I welcome the Bill, of course. There is no question about that. I had intended all the time to say that I welcome the Bill unreservedly. It is very often necessary to start off in a comparatively small way. Mind you, we have had other parts of the system here. You had the new Agricultural Institute working up to an annual expenditure of £750,000 a year in about two years. There are various other examples of that sort.

It looks strange in that context that the Department of Education — I suppose the oldest Department in this country — is so conservative. The Minister for Education here — I think this also applies to all Ministers for Education — has altogether too much respect for the Minister for Finance. I should like to see a more go-ahead approach, a broader approach to this subject. If this framework is the correct framework — and I take it that the Department and the Minister have given great thought to it — I was trying to work out an amount of money by comparison with the £300,000 mentioned in this Bill, a much more suitable sum of money.

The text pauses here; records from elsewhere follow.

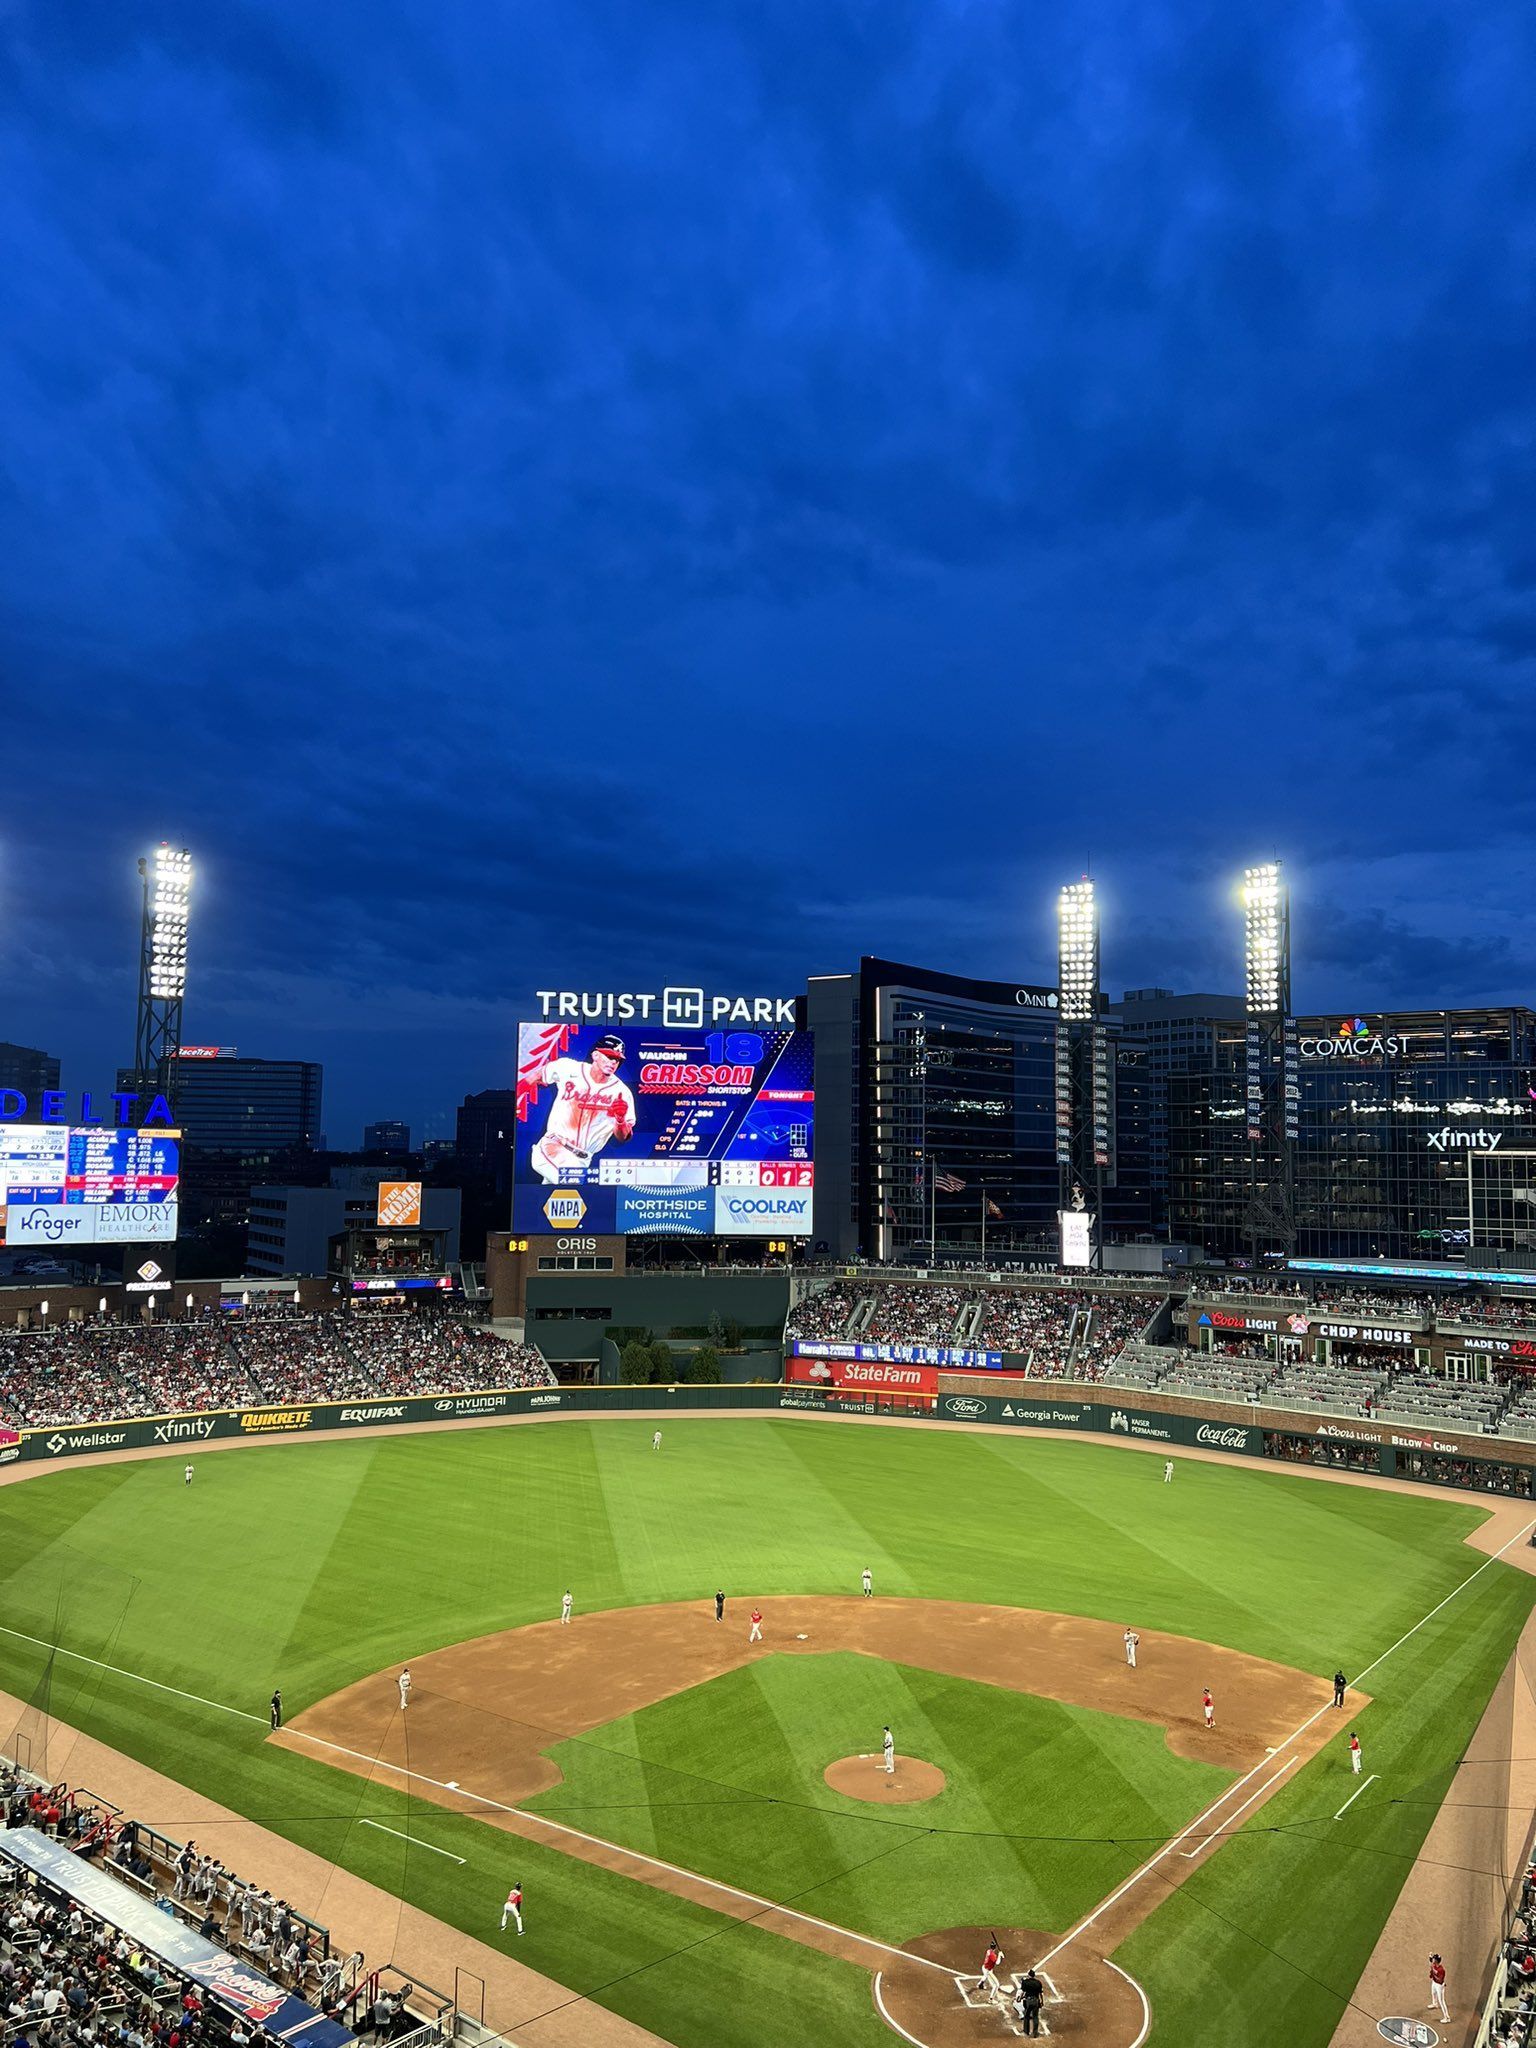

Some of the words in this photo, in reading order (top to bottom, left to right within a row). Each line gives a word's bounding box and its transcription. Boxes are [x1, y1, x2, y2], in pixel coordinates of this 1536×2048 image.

[536, 991, 656, 1018] TRUIST
[712, 996, 796, 1023] PARK
[705, 1032, 764, 1065] 18
[1300, 1036, 1411, 1057] COMCAST
[638, 1051, 687, 1061] VAUGHN
[640, 1064, 755, 1086] GRISSOM
[707, 1086, 751, 1095] SHORTSTOP
[768, 1091, 805, 1099] TONIGHT
[0, 1088, 175, 1124] DELTA
[1249, 1129, 1260, 1138] 2021
[1426, 1127, 1502, 1151] xfinity
[761, 1170, 775, 1185] 0
[782, 1171, 792, 1185] 1
[798, 1171, 812, 1185] 2
[384, 1187, 401, 1204] THE
[379, 1184, 421, 1224] HOME
[394, 1197, 421, 1224] DEPOT
[551, 1201, 580, 1217] NAPA
[624, 1199, 707, 1210] NORTHSIDE
[729, 1199, 808, 1214] COOLRAY
[100, 1205, 175, 1222] EMORY
[639, 1211, 692, 1219] HOSPITAL
[21, 1208, 82, 1240] Kroger
[556, 1238, 597, 1250] ORIS
[1211, 1312, 1245, 1328] Coors
[1246, 1318, 1278, 1331] LIGHT
[1319, 1324, 1358, 1339] CHOP
[1363, 1328, 1413, 1344] HOUSE
[1464, 1339, 1493, 1349] MADE
[1495, 1341, 1510, 1351] TO
[456, 1396, 507, 1409] HYUNDAI
[840, 1403, 865, 1411] TRUIST
[953, 1399, 979, 1412] Ford
[240, 1411, 312, 1428] QUIKRETE
[340, 1406, 405, 1422] EQUIFAX
[1017, 1408, 1051, 1421] Georgia
[1052, 1411, 1080, 1422] Power
[154, 1417, 216, 1442] xfinity
[1131, 1418, 1151, 1427] KAISER
[1131, 1426, 1169, 1438] PERMANENTE
[1196, 1424, 1250, 1449] Coca-Cola
[1327, 1425, 1355, 1438] Coors
[1356, 1433, 1382, 1443] LIGHT
[69, 1433, 126, 1448] Wellstar
[1392, 1435, 1423, 1448] BELOW
[1433, 1441, 1459, 1453] CHOP
[12, 1834, 46, 1855] WELCOME
[51, 1859, 96, 1893] TRUIST
[109, 1895, 147, 1923] PARK
[175, 1941, 195, 1954] THE
[180, 1954, 286, 2000] Braves

I do not understand why people do not look ahead. I take it that the campaign for the elimination of bovine tuberculosis will be over in a couple of years. There is a net sum of £5 million a year going into it at the moment. The Minister for Education will find many people in the semi-State bodies anxious to grab that money for super jet planes and various other forms of activity that should not take precedence over education. He will find many people who already probably have their eyes fixed on it. Why does the Minister not put his eye on a great deal of that money? It is not the only thing. Rural electrification is drawing to a close after being long delayed.

Give us a chance.

It was long delayed. I think one piece of backchat in one speech is enough. The Minister deserves credit for bringing in this much, but he would have deserved more credit had he done it two years ago and not just before an election when it is felt that education would be a very serious subject, that is to say, education in this sense. It is at that end you will have all the impact, as to what assistance is being given to students by comparison with other countries. I suppose that, with the exception of the extremely reactionary countries and the primitive countries in Africa, we are the worst in the whole world. We are certainly the worst in the whole western world and a great deal worse than Russia. It applies in both spheres, the amount of assistance.

Are we the worst in every respect?

I am applying these remarks solely to the amount of assistance we give to university students.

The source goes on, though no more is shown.